My reaction was to ask hubby about the gate. Well, the proper latch would cost $129 and the ranch did not want to spend it. I inquired about the cull cow we just loaded — could the money not come from that? How about calculating the hours lost in dealing with the broken gate, did that not cover the repairs a hundred times over? How about the pup they just sold for $500 — would that not fix the post and put the proper latch on?

Pat needs to recognize her health and safety is jeopardized every morning when she does chores. It should not be about the ranch — it should be about the people who live on it.

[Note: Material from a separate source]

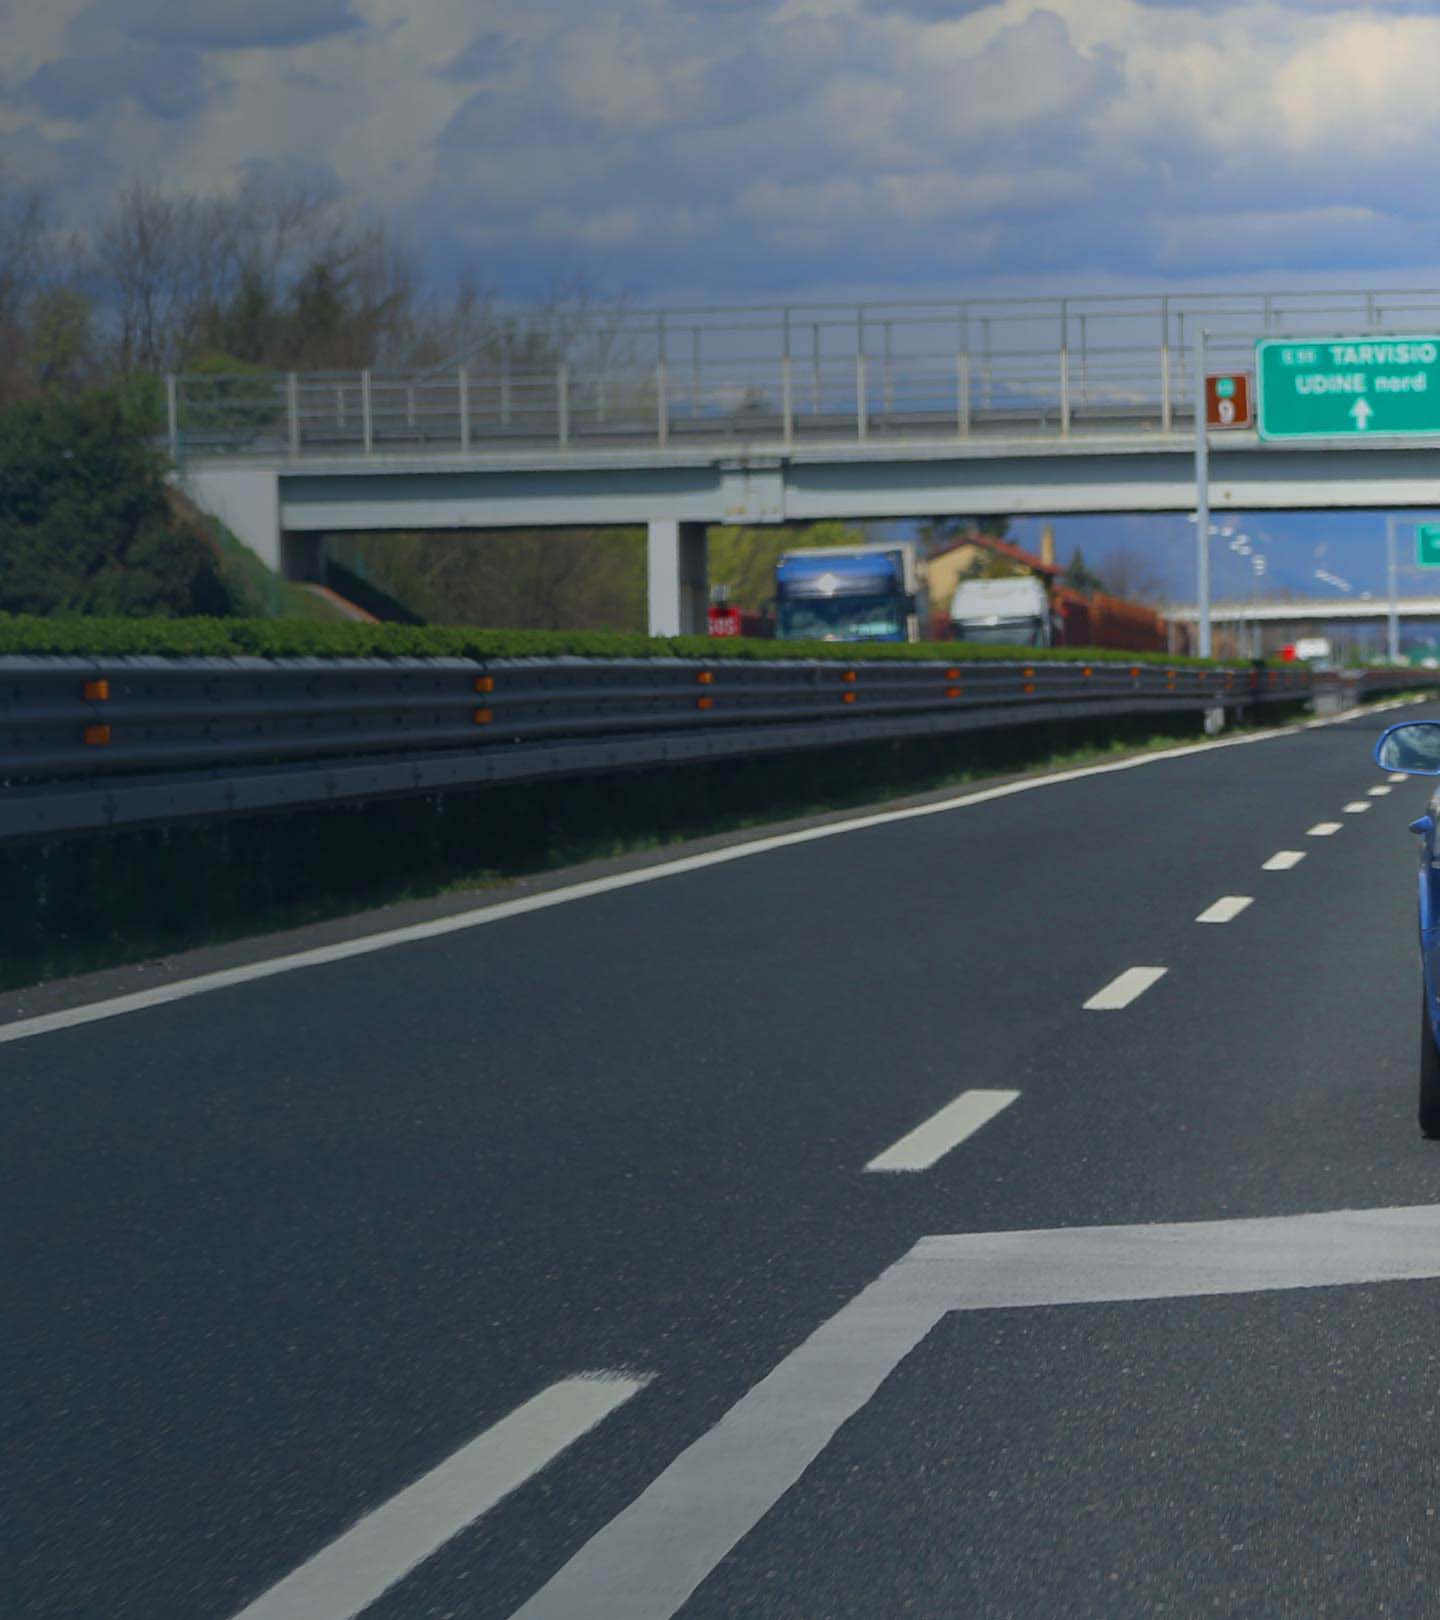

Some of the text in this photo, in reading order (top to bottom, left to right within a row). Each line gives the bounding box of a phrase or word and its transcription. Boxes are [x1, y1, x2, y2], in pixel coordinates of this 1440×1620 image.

[1329, 342, 1437, 365] TARVISIO
[1295, 371, 1427, 394] UDINE nord

From the Country Guide website:
A place for women

Setting the boundaries on what we will or will not do as a ranching partner or farm owner helps to put teeth into these situations. Creating a protocol in the business plan to immediately repair anything broken, treat anything sick or clean up any mess is important. Pat may have had input into the business plan as a business partner, but her role was not defined. So as the ranch physically fell apart, she did as well.

Think about this from the perspective of Pat’s children.

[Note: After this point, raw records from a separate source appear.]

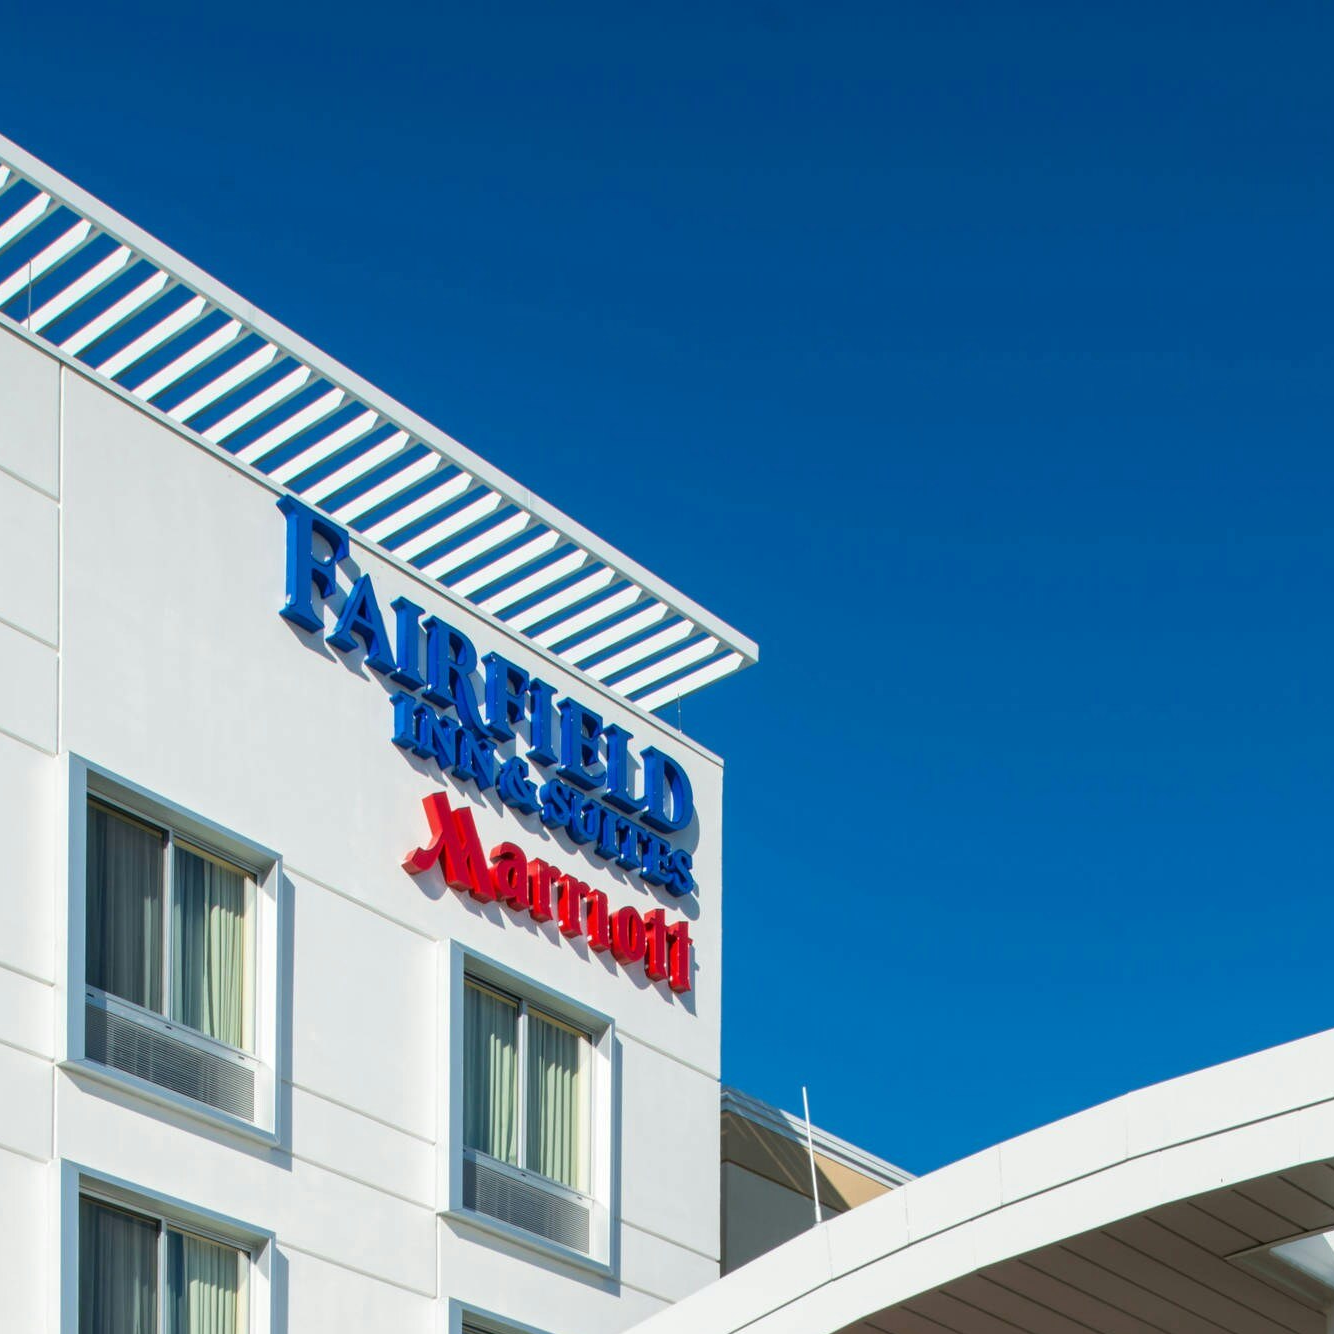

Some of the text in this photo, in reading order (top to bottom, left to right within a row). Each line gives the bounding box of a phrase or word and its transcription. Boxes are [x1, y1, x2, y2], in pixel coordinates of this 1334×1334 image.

[276, 494, 694, 835] FAIRFIELD
[391, 691, 694, 897] INN & SUITES
[402, 792, 693, 994] Marriott
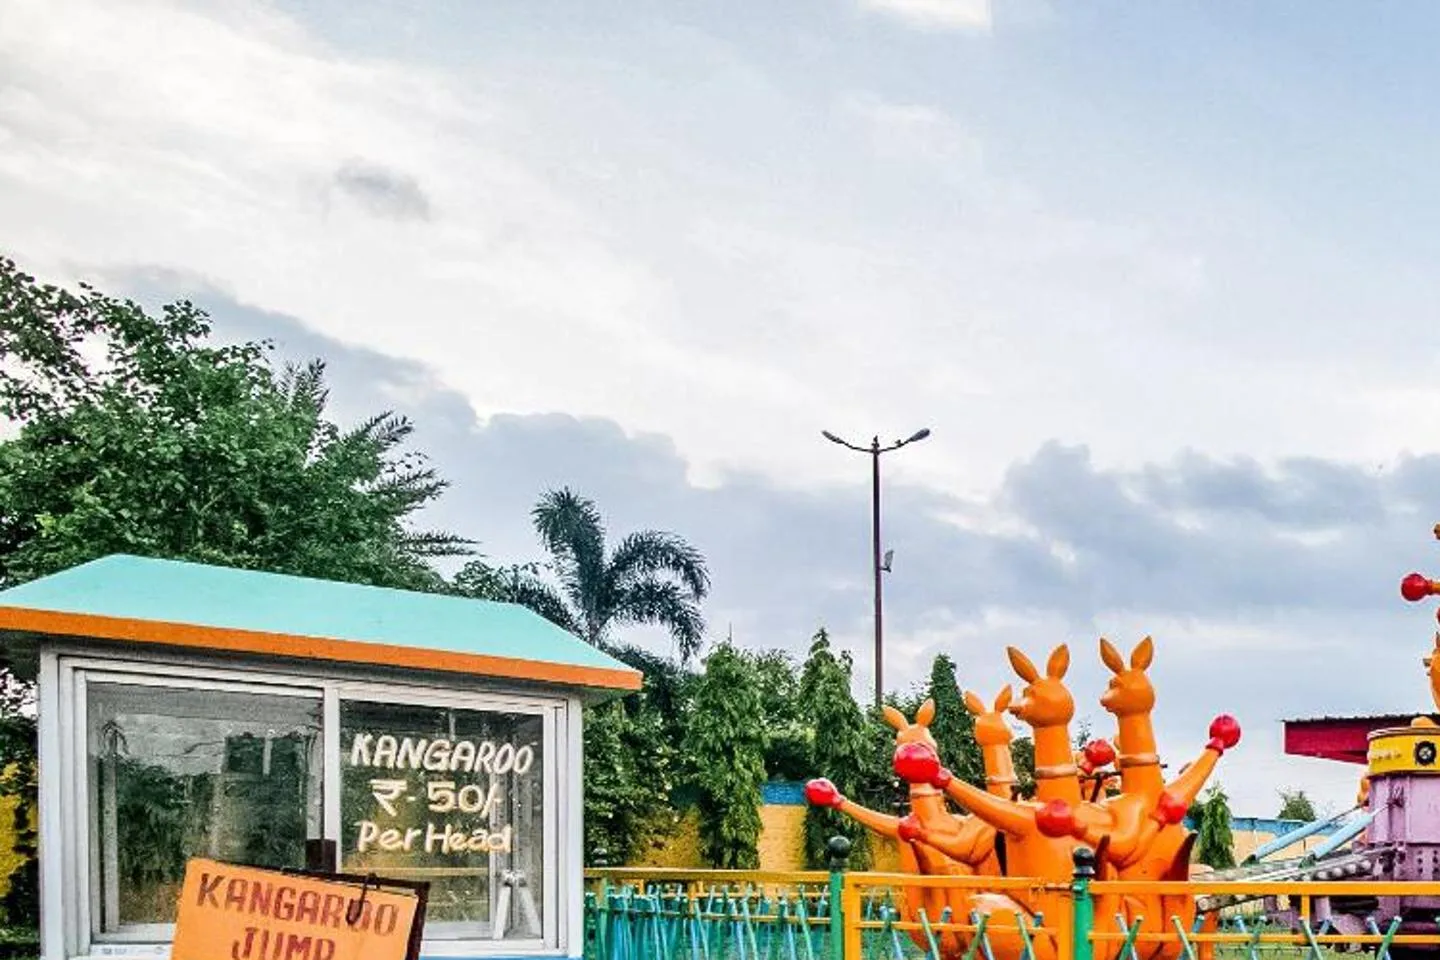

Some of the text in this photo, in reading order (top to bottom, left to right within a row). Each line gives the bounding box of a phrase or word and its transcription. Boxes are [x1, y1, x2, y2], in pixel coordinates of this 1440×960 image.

[350, 733, 534, 775] KANGAROO
[354, 820, 512, 854] Per Head
[196, 872, 398, 937] KANGAROO

As adults we almost accept farm injury or stress injury as part of doing business. But the fragile world of the child only sees their parent being hurt or worse yet — going away. The younger they are, the less they can understand the timeline.

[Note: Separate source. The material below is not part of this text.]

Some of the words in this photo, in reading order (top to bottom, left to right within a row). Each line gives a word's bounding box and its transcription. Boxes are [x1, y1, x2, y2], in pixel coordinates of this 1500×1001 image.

“Mommy will only be away for two weeks with that broken leg and then she will be home.”

Two weeks? Is that not an eternity to a child?

I recall my childhood and the regularity of farm accidents. Dad, the cat with 99 lives, has lived through gassing, poisoning, crushes, molesting, electrocution, gouging, trampling and major falls. He would spend some time recovering and then jump back into the game at full throttle — always shrugging it off.

But in his daughter’s eyes, these were times of fear and anxiety. A child can see that something needs fixing or when adults are headed for disaster. They feel helpless and unheard. I cried many tears and still today accidents happen. But I no longer have a fear or anxiety — that has been replaced by indifference and a quiet anger because I don’t feel that, because of the way he acts, he respects us.

And so I look at my own life and try to see it through my daughter’s eyes. How did she see the many times I was bucked off, bandaged up, operated on and hospitalized. Of course I knew that I would get better. But did she?

And how has that affected her respect for me? Did I teach her about boundaries or did I cross them all? Today, as illness still strikes me often from a lifetime of fatigue, is she scared or just simply angry?

As women on the farm we need to STOP (stop treating ourselves poorly) for the sake of our long-term health and to set examples about boundaries for our sons and daughters. Not only are our actions alarming, but our undue care and attention may jeopardize the very home, the sanctuary that we build for our children. We must clearly define our limitations and work with our partners to ensure that adequate help is available for the things that we cannot or should not do and build it into the business plan.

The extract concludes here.